ViktoriaMalyasova comments on Updating my AI timelines

ViktoriaMalyasova 9 Dec 2022 17:47 UTC
6 points
0
I played around with text-davinci-002, trying to get it to do causal reasoning. I found it couldn’t solve overdetermined cause problems, such as this one:

”Pete threw a rock at a window. Steve also threw a rock at the same window at the same time. The window shattered. If Pete had not thrown the rock, would the window shatter? Let us think step by step.”

It gave nonsense answers half the time. ChatGPT handles this kind of question fine. So I was under impression that its capabilities improved.
- Douglas_Knight 9 Dec 2022 22:12 UTC
  5 points
  0
  Parent
  Could you give an example of this nonsense?
  - ViktoriaMalyasova 10 Dec 2022 2:49 UTC
    6 points
    0
    Parent
    Prompt
    ”Question.
    Bob the policeman was running after a thief. Bob ran very slowly because he was not fit. The thief was running very fast. When Bob was crossing a railroad, he slipped and fell. The road was slippery because Ann spilled some oil there. The thief got away. If Ann had not spilled oil, would the thief had gotten away? Explain your answer.
    Let us think.”
    
    Reply: “If Ann had not spilled oil, would the thief had gotten away?

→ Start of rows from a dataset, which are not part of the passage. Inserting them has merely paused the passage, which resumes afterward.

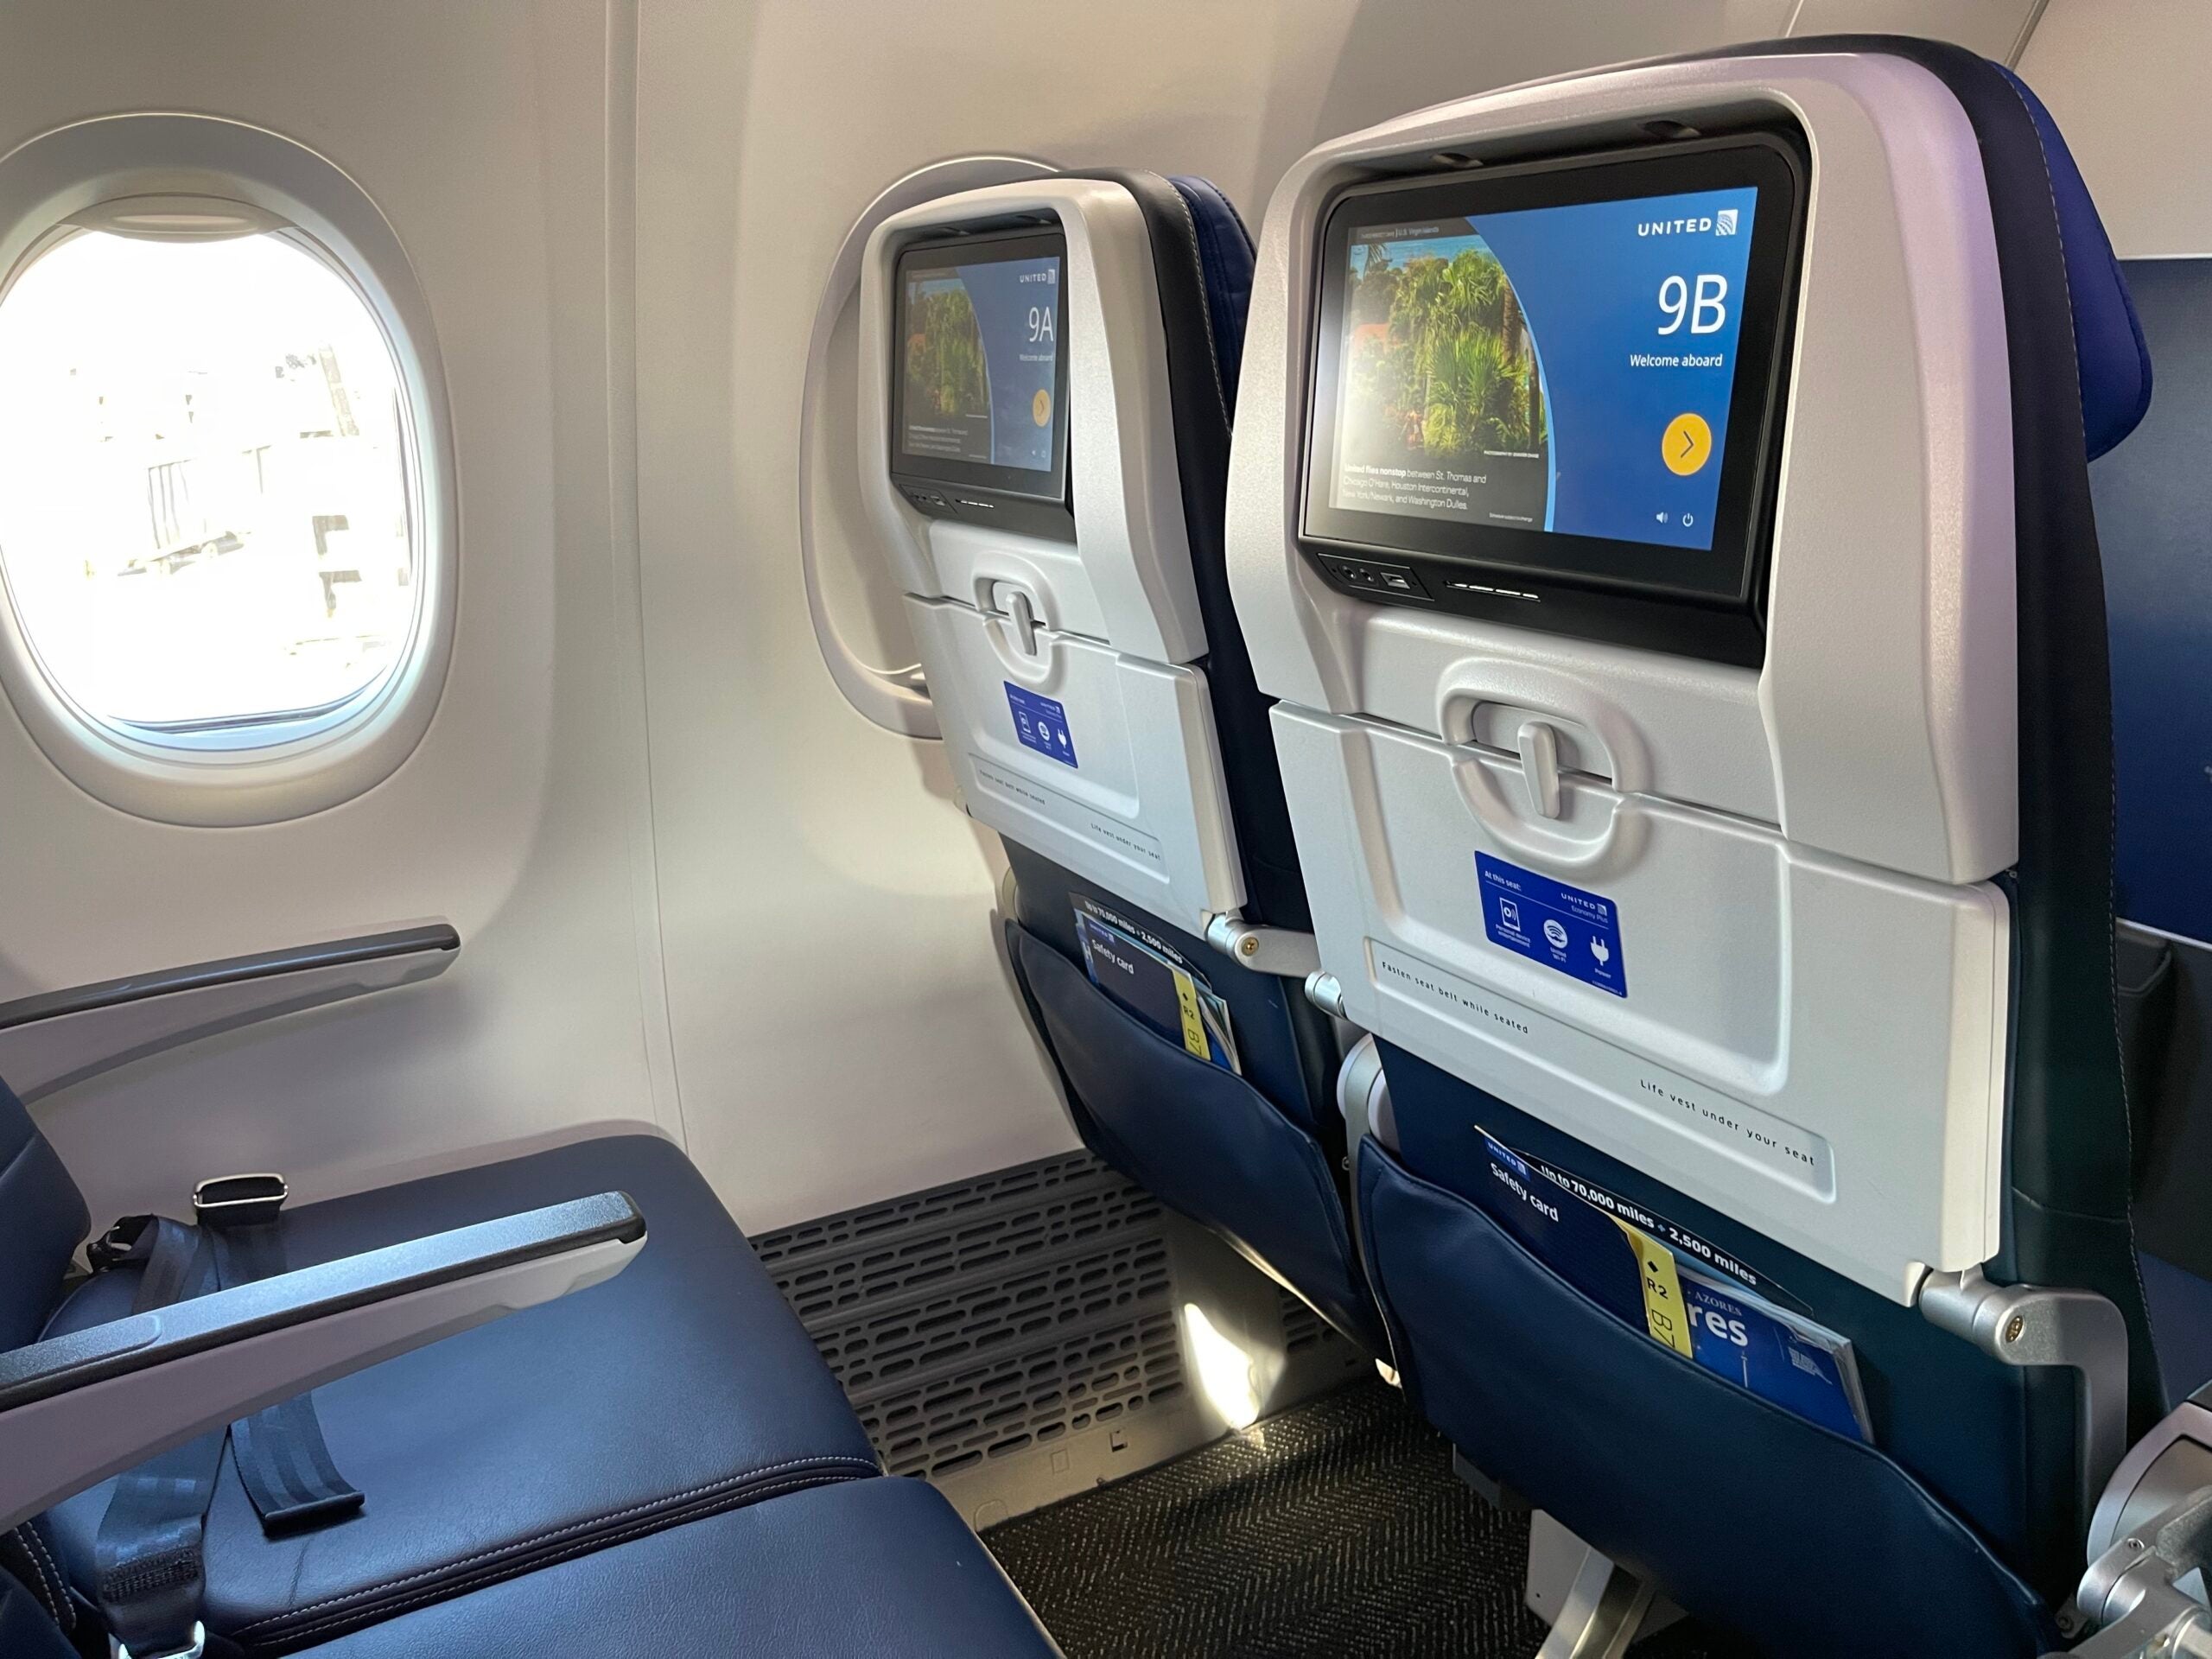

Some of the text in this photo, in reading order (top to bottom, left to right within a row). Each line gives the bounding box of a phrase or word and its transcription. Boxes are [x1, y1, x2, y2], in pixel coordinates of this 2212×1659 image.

[1638, 218, 1712, 236] UNITED
[1020, 273, 1047, 283] UNITED
[1657, 274, 1728, 335] 9B
[1028, 306, 1054, 342] 9A
[1630, 353, 1723, 368] Welcome aboard
[1379, 467, 1407, 479] nonstop
[1407, 469, 1435, 480] between
[1435, 470, 1445, 480] St.
[1446, 471, 1471, 483] Thomas
[1472, 474, 1487, 484] and
[1391, 480, 1416, 492] Houston
[1395, 494, 1408, 504] and
[1408, 495, 1446, 509] Washington
[1484, 870, 1522, 892] At this seat:
[1560, 893, 1596, 910] UNITED
[1091, 939, 1135, 975] Safety card
[1382, 961, 1529, 1034] Fasten seat belt while seated
[1182, 1005, 1195, 1020] R2
[1640, 1078, 1815, 1166] Life vest under your seat
[1487, 1141, 1516, 1166] UNITED
[1491, 1162, 1559, 1223] Safety card
[1557, 1173, 1571, 1189] to
[1571, 1179, 1615, 1211] 70,000
[1617, 1202, 1656, 1229] miles
[1669, 1227, 1712, 1258] 2,500
[1713, 1252, 1757, 1286] miles
[1646, 1277, 1669, 1300] R2
[1695, 1291, 1742, 1317] AZORES

    The answer is no. If there was no oil, Bob would not have slipped, and would have been able to catch the thief.”
    
    Prompt
    ”Pete threw a rock at a window. Steve also threw a rock at the same window. The window shattered. If Pete did not throw the rock, but Steve still threw the rock, would the window shatter?

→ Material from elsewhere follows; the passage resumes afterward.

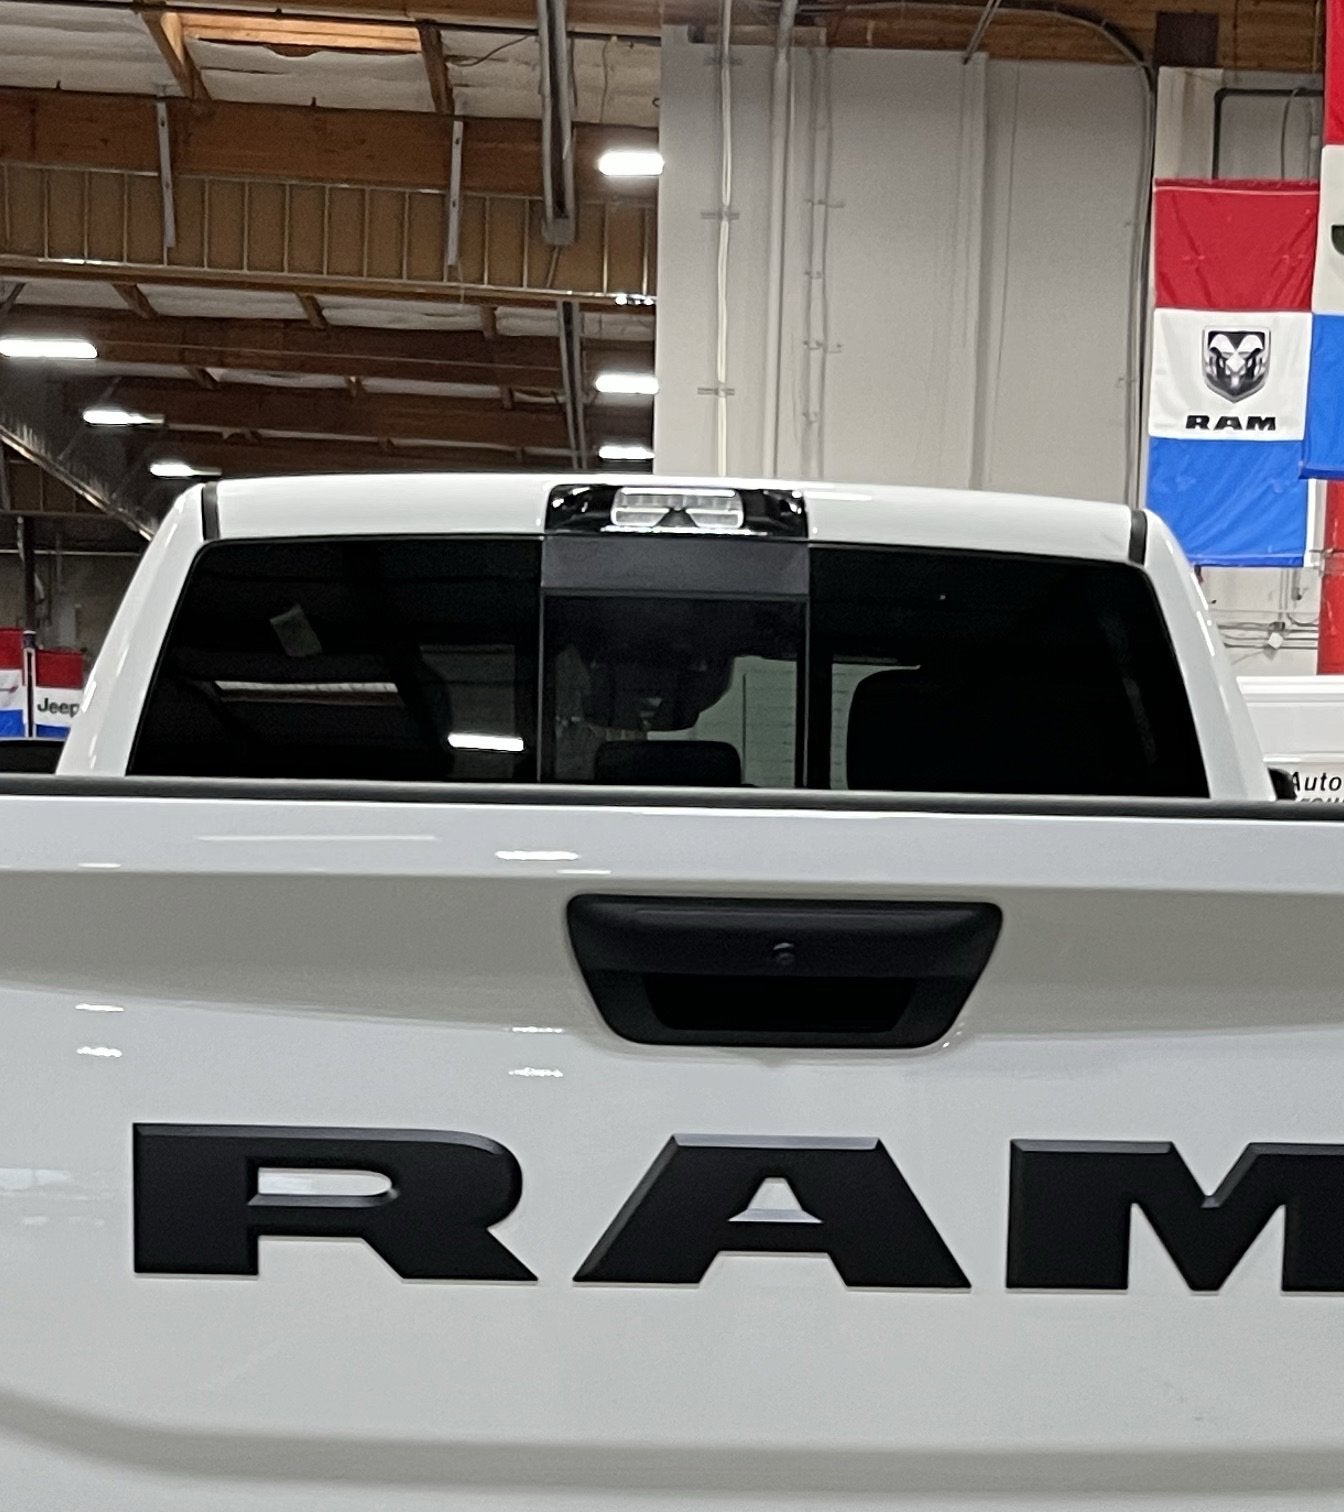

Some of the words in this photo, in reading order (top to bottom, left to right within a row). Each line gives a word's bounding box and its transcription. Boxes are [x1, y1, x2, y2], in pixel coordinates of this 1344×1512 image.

[1185, 414, 1277, 432] RAM
[37, 697, 80, 719] Jeep
[1291, 771, 1343, 793] Auto

    Let us think logically.”
    Reply:
    ”If Pete did not throw the rock, then the rock would not have hit the window and the window would not have shattered.”
    - Douglas_Knight 10 Dec 2022 5:03 UTC
      2 points
      0
      Parent
      Thanks!
- the gears to ascension 9 Dec 2022 23:19 UTC
  2 points
  0
  Parent
  how does −003 compare?
  - Douglas_Knight 26 Mar 2023 3:04 UTC
    2 points
    0
    Parent
    Using nat.dev, I find that 002, 003, and Turbo all get the same result, wrong on the first and right on the second. This is an example of Turbo being Inferior to Chat. I also tried Cohere, which got both. I also tried Claude. Full v1.2 got both wrong. Instant 1.0, which should be inferior, got the second correct. It also produced a wordy answer to the first which I give half credit because it said that it was difficult but possible for the slow policeman to catch the fast thief. I only tried each twice, with and without “Let us think,” which made no difference to the first. I almost didn’t bother adding it to the second since they did so well without it. Adding it made 002 and Claude-instant fail, but Claude1.2 succeed. (I also tried llama and alpaca, but they timed out.)